KYIV, Ukraine (AP) — Russian President Vladimir Putin traveled to Crimea to mark the ninth anniversary of the Black Sea peninsula’s annexation from Ukraine on Saturday, the day after the International Criminal Court issued an arrest warrant for the Russian leader accusing him of war crimes.
Russian state news agency RIA Novosti said Putin visited an art school and a children’s center, locations that appeared to have been chosen in response to the court’s action.
The court specifically accused him Friday of bearing personal responsibility for the abductions of children from Ukraine during Russia’s full-scale invasion of the neighboring country that started almost 13 months ago.
Russia annexed Crimea from Ukraine in 2014, a move that most of the world denounced as illegal. Ukrainian President Volodymyr Zelenskyy has demanded that Russia withdraw from the peninsula as well as the areas it has occupied since last year.
Putin has shown no intention of relinquishing the Kremlin’s gains. Instead, he stressed Friday the importance of holding Crimea.
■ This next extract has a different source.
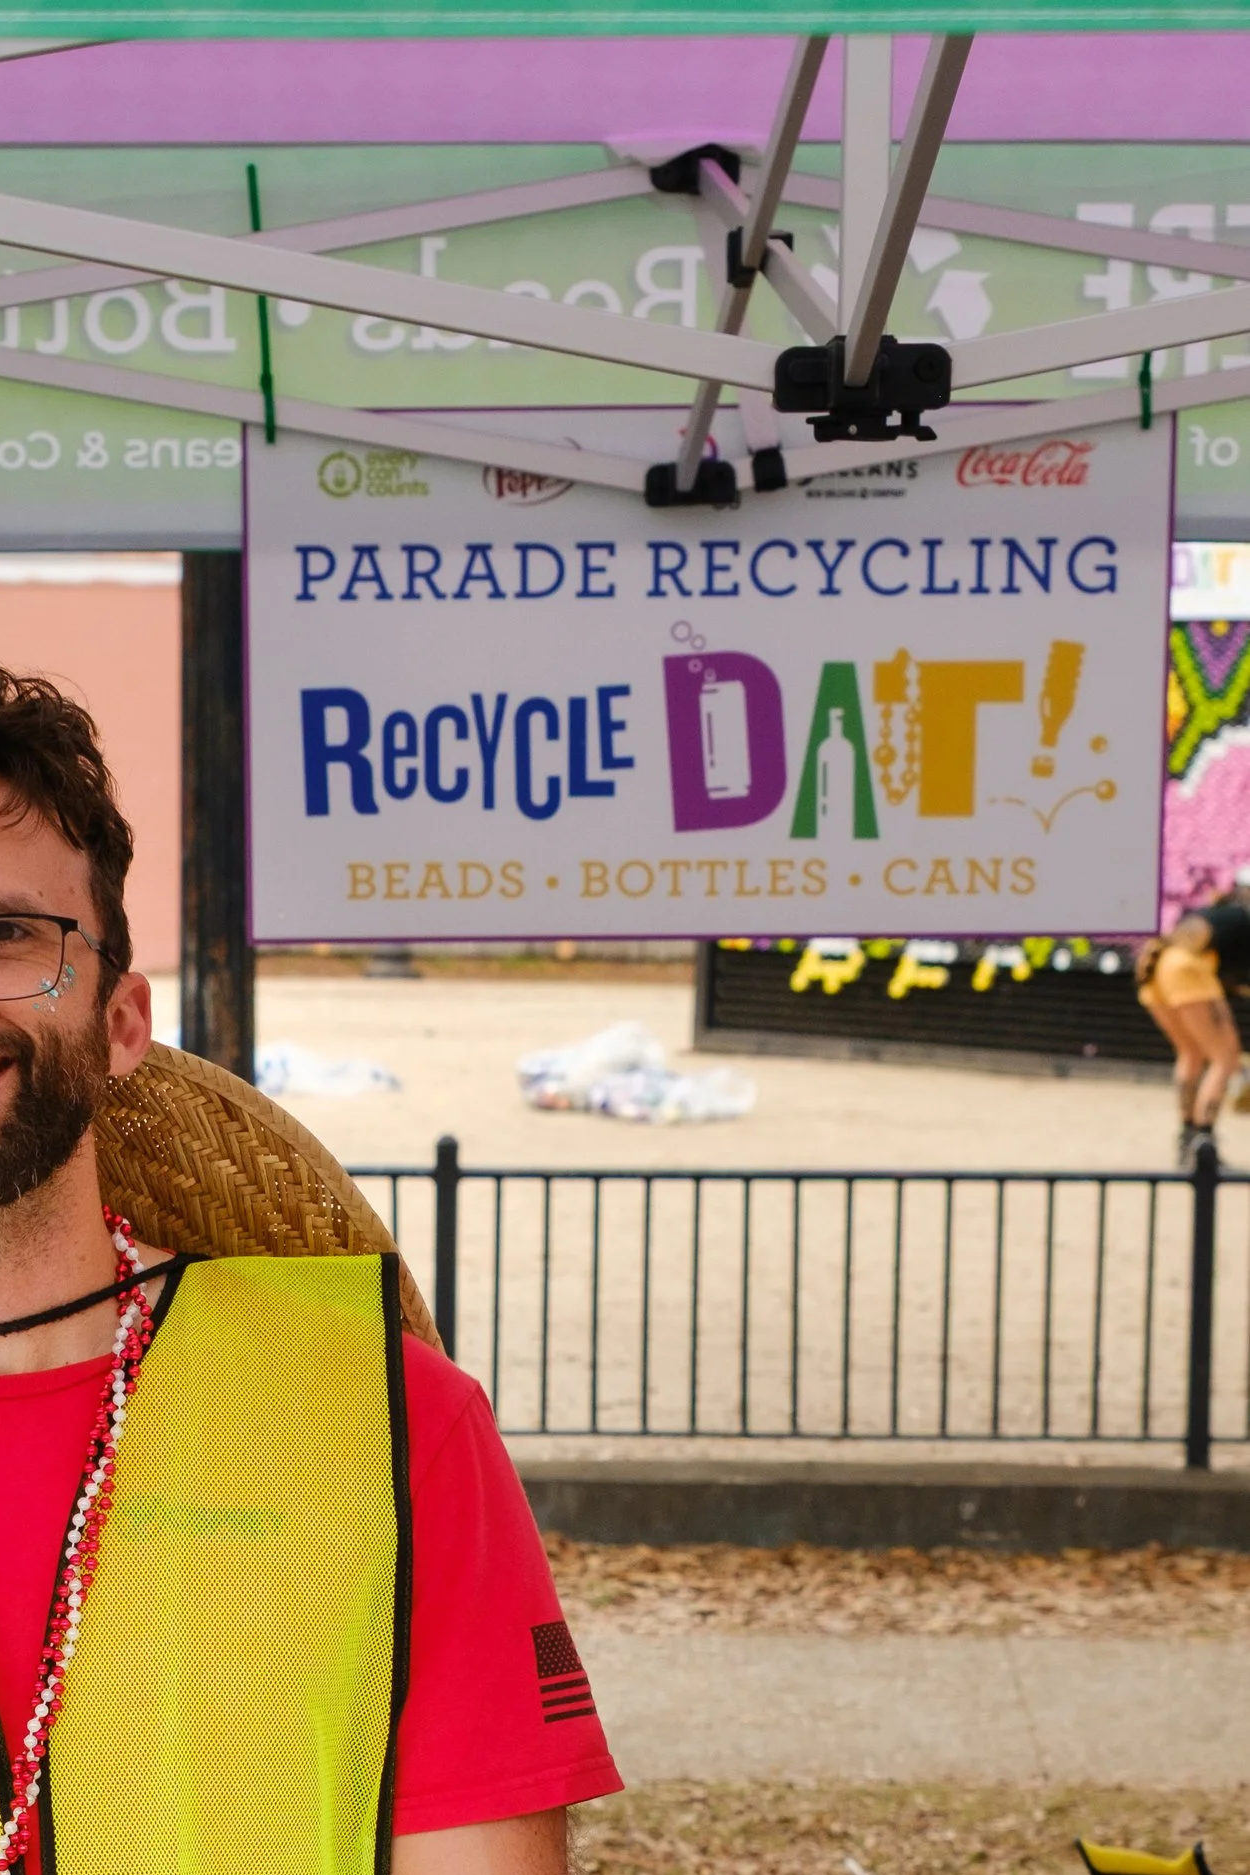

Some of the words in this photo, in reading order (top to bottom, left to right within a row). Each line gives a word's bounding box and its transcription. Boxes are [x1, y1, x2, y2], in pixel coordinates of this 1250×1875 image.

MIKHAIL METZEL via Getty Images
“Obviously, security issues take top priority for Crimea and Sevastopol now,” he said, referring to Crimea’s largest city. “We will do everything needed to fend off any threats.”
Putin took a plane to travel the 1,821 kilometers (1,132 miles) from Moscow to Sevastopol, where he took the wheel of the car that transported him around the city, according to Moscow-installed governor Mikhail Razvozhaev.
Along with the art school and children’s center, Putin also toured Putin also visited the archaeological site at the ruins of the ancient Greek city of Chersonesos, according to Russian state media.
The ICC’s arrest warrant was the first issued against a leader of one of the five permanent members of the U.N. Security Council. The court, which is based in The Hague, Netherlands, also issued a warrant for the arrest of Maria Lvova-Belova, the commissioner for Children’s Rights in the Office of the President of the Russian Federation.
The move was immediately dismissed by Moscow — and welcomed by Ukraine as a major breakthrough. Its practical implications, however, could be limited as the chances of Putin facing trial at the ICC are highly unlikely because Moscow does not recognize the court’s…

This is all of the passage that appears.